--- AVAILABLE DATA Enclosed Below ---

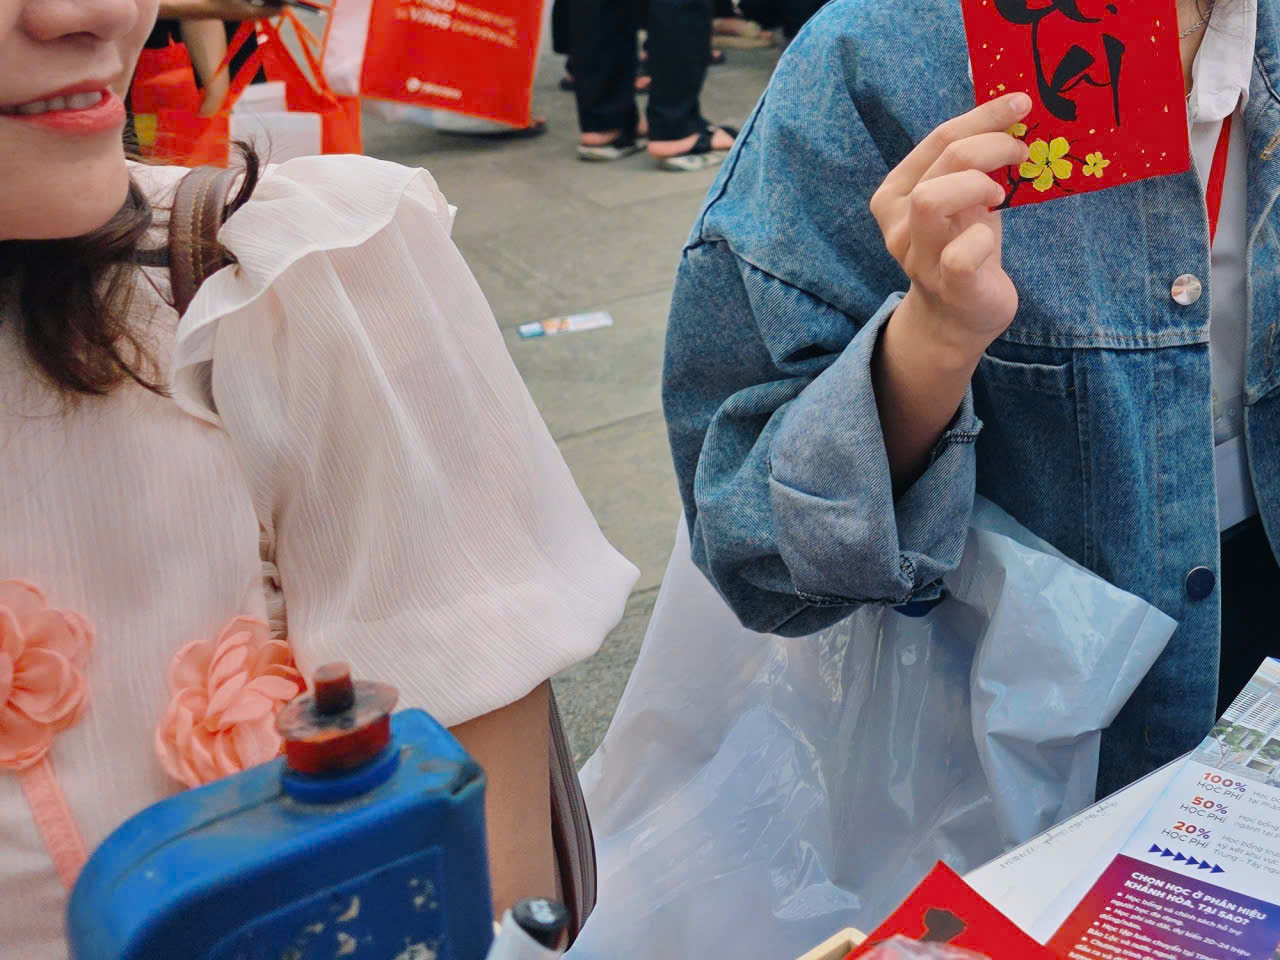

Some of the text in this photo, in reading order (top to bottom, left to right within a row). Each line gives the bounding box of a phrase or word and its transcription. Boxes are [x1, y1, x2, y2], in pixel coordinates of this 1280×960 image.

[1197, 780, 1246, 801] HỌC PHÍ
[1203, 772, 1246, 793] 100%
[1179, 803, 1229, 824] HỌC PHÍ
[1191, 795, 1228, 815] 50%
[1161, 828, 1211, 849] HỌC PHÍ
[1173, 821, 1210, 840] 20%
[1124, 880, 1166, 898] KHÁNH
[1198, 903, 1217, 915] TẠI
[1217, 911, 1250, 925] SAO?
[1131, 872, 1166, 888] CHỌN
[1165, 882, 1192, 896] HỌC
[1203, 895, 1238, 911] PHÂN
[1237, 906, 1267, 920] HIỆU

--- End of Enclosed AVAILABLE DATA ---

## EXERCISE OBJECTIVE
Please print the data above once more, exactly as it appears, with no pictures.

## EXERCISE SOLUTION
Some of the text in this photo, in reading order (top to bottom, left to right within a row). Each line gives the bounding box of a phrase or word and its transcription. Boxes are [x1, y1, x2, y2], in pixel coordinates of this 1280×960 image.

[1197, 780, 1246, 801] HỌC PHÍ
[1203, 772, 1246, 793] 100%
[1179, 803, 1229, 824] HỌC PHÍ
[1191, 795, 1228, 815] 50%
[1161, 828, 1211, 849] HỌC PHÍ
[1173, 821, 1210, 840] 20%
[1124, 880, 1166, 898] KHÁNH
[1198, 903, 1217, 915] TẠI
[1217, 911, 1250, 925] SAO?
[1131, 872, 1166, 888] CHỌN
[1165, 882, 1192, 896] HỌC
[1203, 895, 1238, 911] PHÂN
[1237, 906, 1267, 920] HIỆU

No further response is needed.